Several State Worker blog users have asked about the status of two furlough cases in San Francisco's 1st District Court of Appeal. The short answer: The court could issue rulings in either case any day now.
CCPOA v. Brown (formerly CCPOA v. Schwarzenegger) is the government's appeal of a lower court's ruling that "self-directed" furloughs are an illegal pay cut, since employees lost their pay but were often forced to put off taking the commensurate time off.
Attorneys argued the case on Aug. 18. Legal types we've spoken with believe that this is the strongest of the union furlough cases, since it's about whether the policy violated labor law.
That's different from the argument debated before the appellate court in California Attorneys, Administrative Law Judges and Hearing Officers in State Employment v.

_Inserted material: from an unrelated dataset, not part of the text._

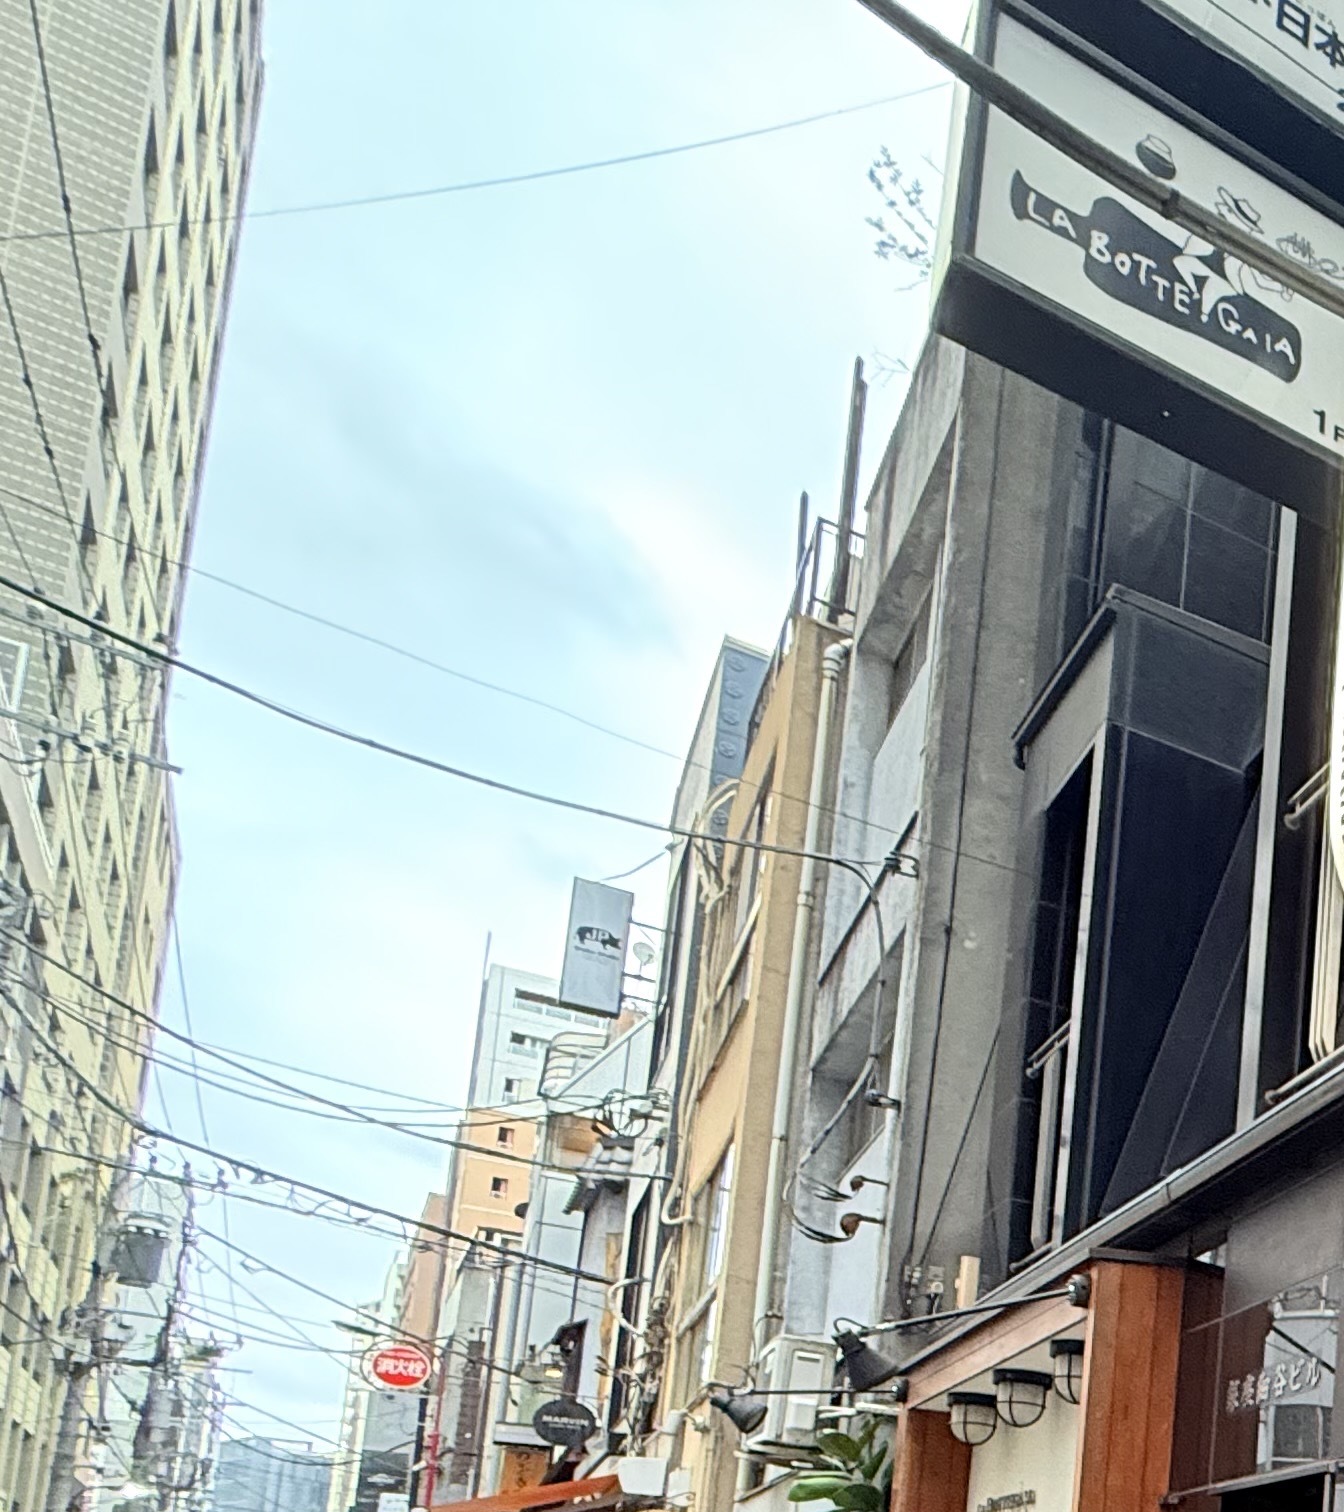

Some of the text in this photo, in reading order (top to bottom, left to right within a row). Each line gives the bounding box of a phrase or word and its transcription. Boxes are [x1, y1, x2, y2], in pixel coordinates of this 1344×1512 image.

[1026, 191, 1077, 239] LA
[376, 1357, 426, 1378] 消火栓

Schwarzenegger. The Brown administration wants the justices to overturn a lower court's decision that employees in so-called "special fund" departments were illegally furloughed.
We noted on our State Worker Facebook wall after the court's Sept. 1 hearing that the justices asked virtually no questions of either side, a strong indication that its decision will probably line up with those other two.

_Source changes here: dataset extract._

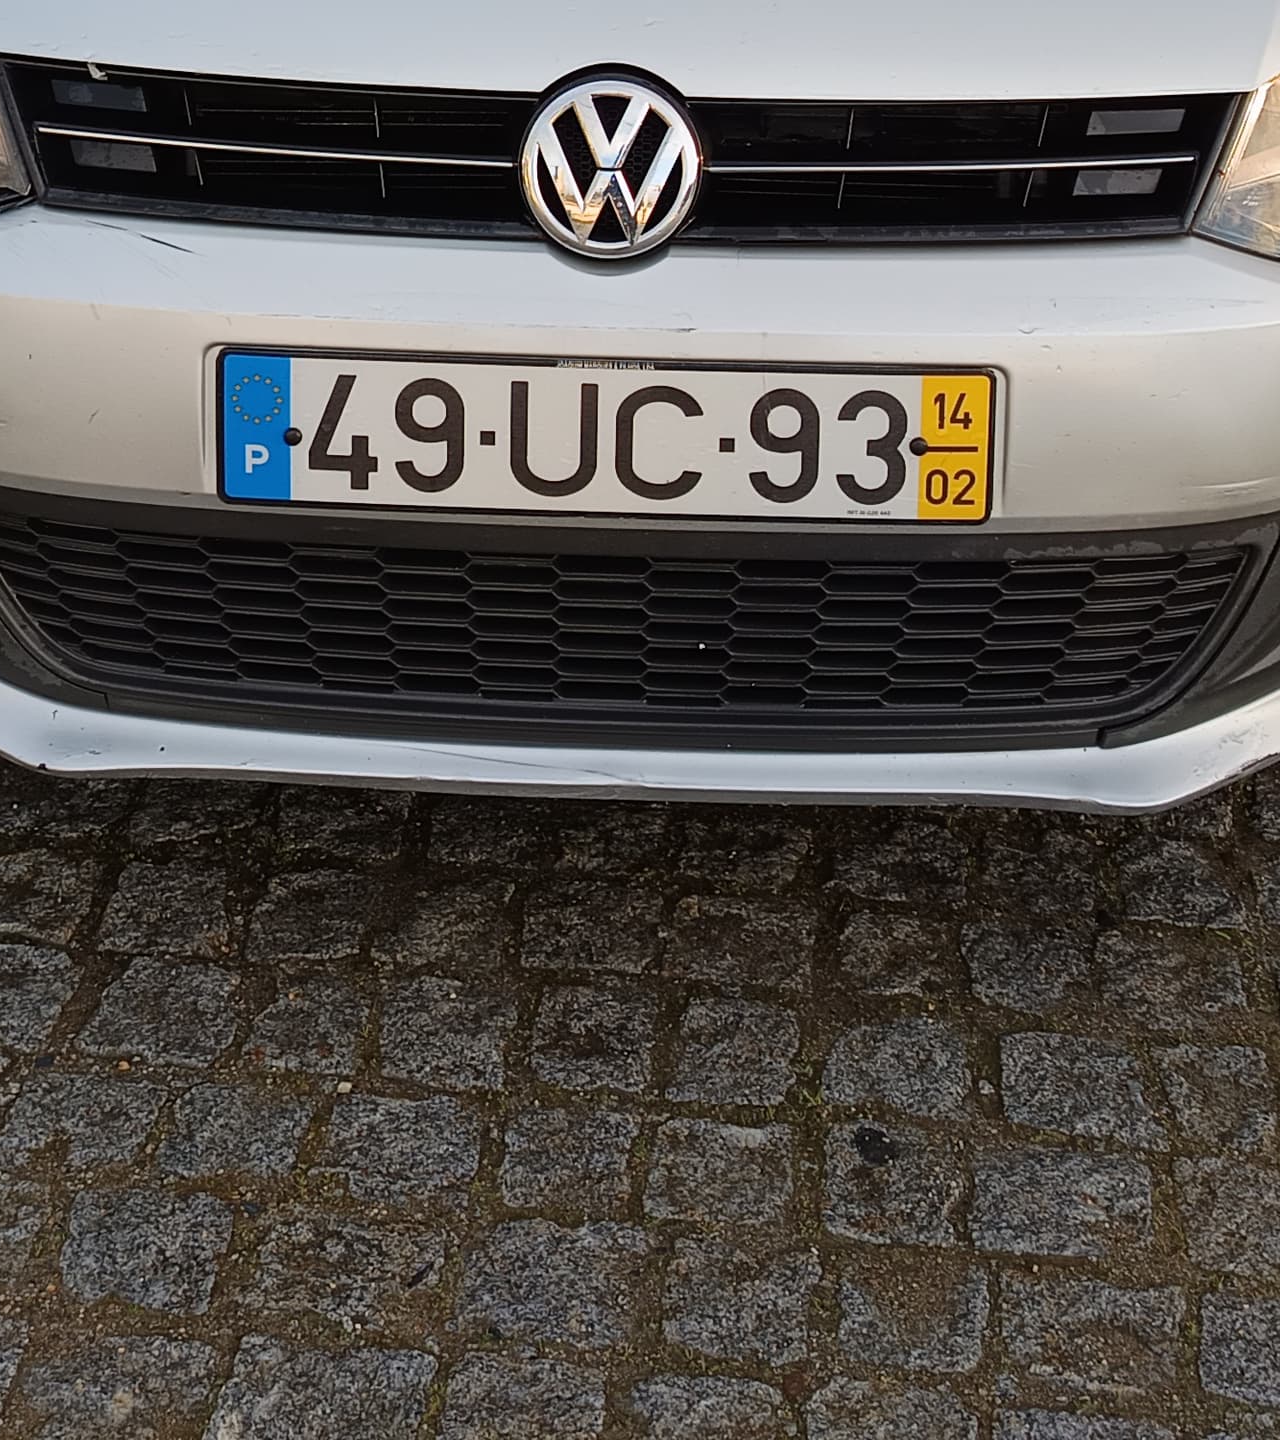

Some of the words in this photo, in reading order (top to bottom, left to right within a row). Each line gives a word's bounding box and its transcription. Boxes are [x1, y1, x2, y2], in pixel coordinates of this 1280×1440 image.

The appellate court has 90 days from the date of the oral arguments to issue decisions.
Our guess: Look for the special funds decision first, since it will probably mirror earlier rulings and probably is less likely to be taken by the state Supreme Court. (The special fund rulings so far have leaned on the high court's landmark PECG v. Schwarzenegger to overturn the unions' earlier wins.)
The CCPOA matter may take longer for a ruling because the case is unique and the likelihood of an appeal by either side is greater. The PECG decision didn't specifically address the self-directed furlough policy.